TASK
The entries that follow contain images, which should be left out; output everything else exactly.

MATERIAL SUPPLIED Block Start

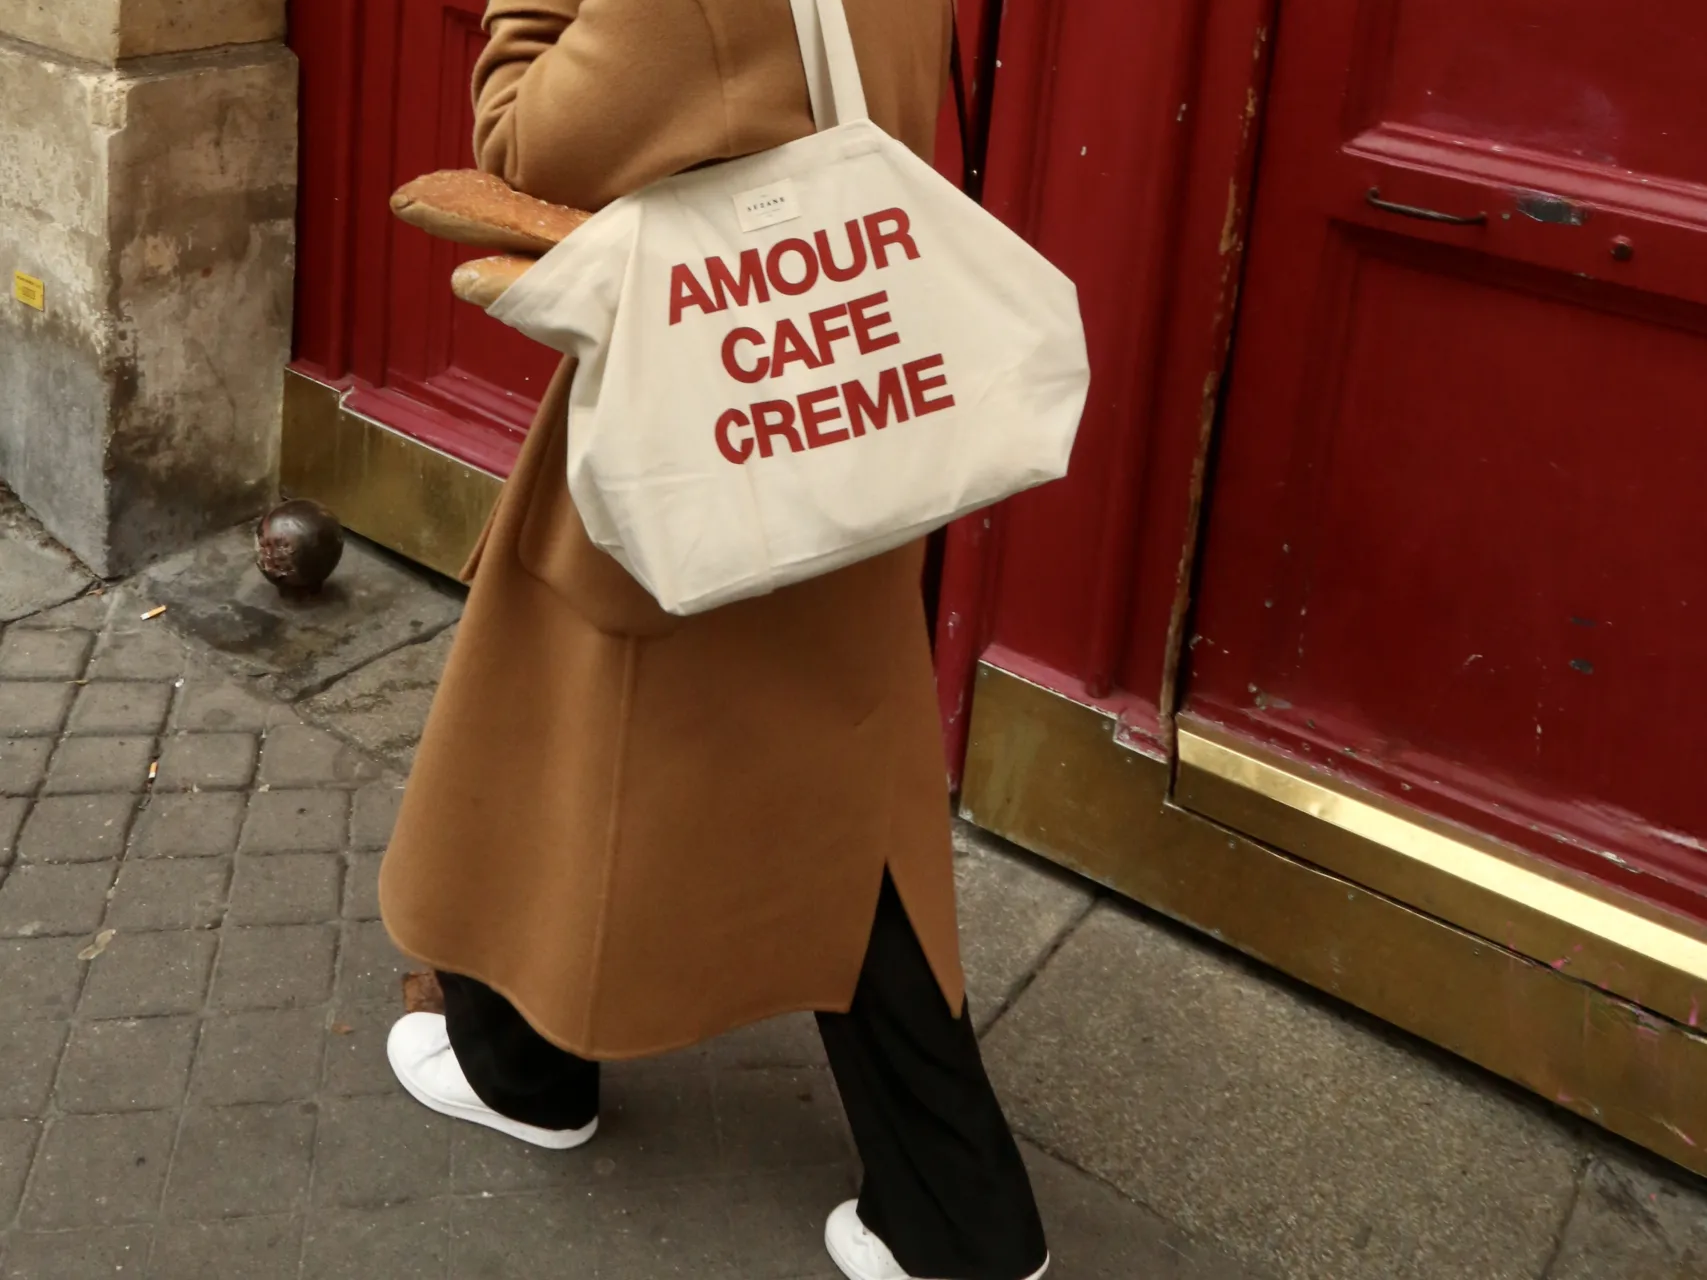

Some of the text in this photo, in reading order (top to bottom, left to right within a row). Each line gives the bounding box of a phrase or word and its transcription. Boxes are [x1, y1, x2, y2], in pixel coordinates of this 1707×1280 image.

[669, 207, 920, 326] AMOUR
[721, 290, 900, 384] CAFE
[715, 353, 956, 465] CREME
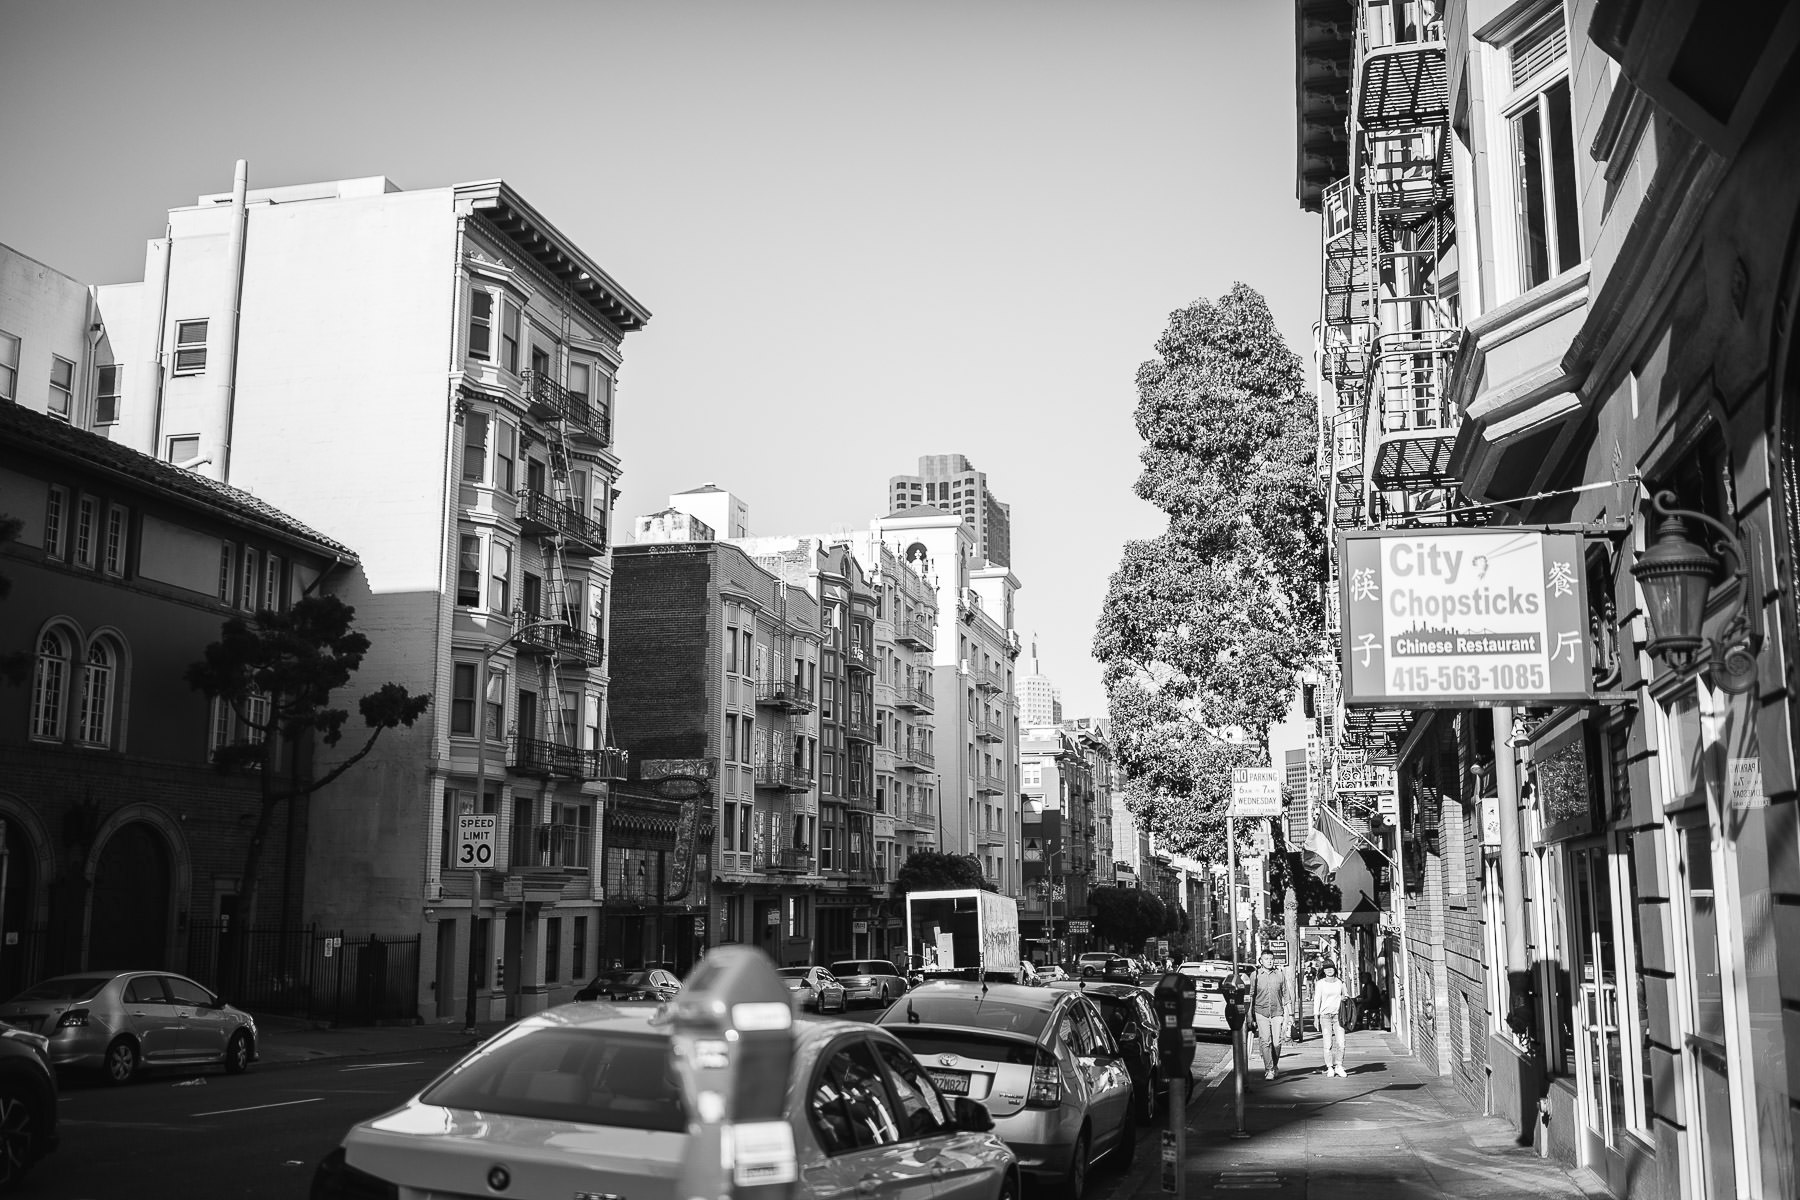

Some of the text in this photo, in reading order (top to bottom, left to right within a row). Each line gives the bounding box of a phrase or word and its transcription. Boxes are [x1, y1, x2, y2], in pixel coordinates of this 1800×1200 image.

MATERIAL SUPPLIED Block End

COMPLETED TASK
Some of the text in this photo, in reading order (top to bottom, left to right within a row). Each line gives the bounding box of a phrase or word and its transcription. Boxes are [x1, y1, x2, y2], in pixel coordinates of this 1707×1280 image.

[669, 207, 920, 326] AMOUR
[721, 290, 900, 384] CAFE
[715, 353, 956, 465] CREME

Some of the text in this photo, in reading order (top to bottom, left to right within a row). Each line gives the bounding box of a phrase or word and its transcription. Boxes are [x1, y1, x2, y2], in pixel coordinates of this 1800×1200 image.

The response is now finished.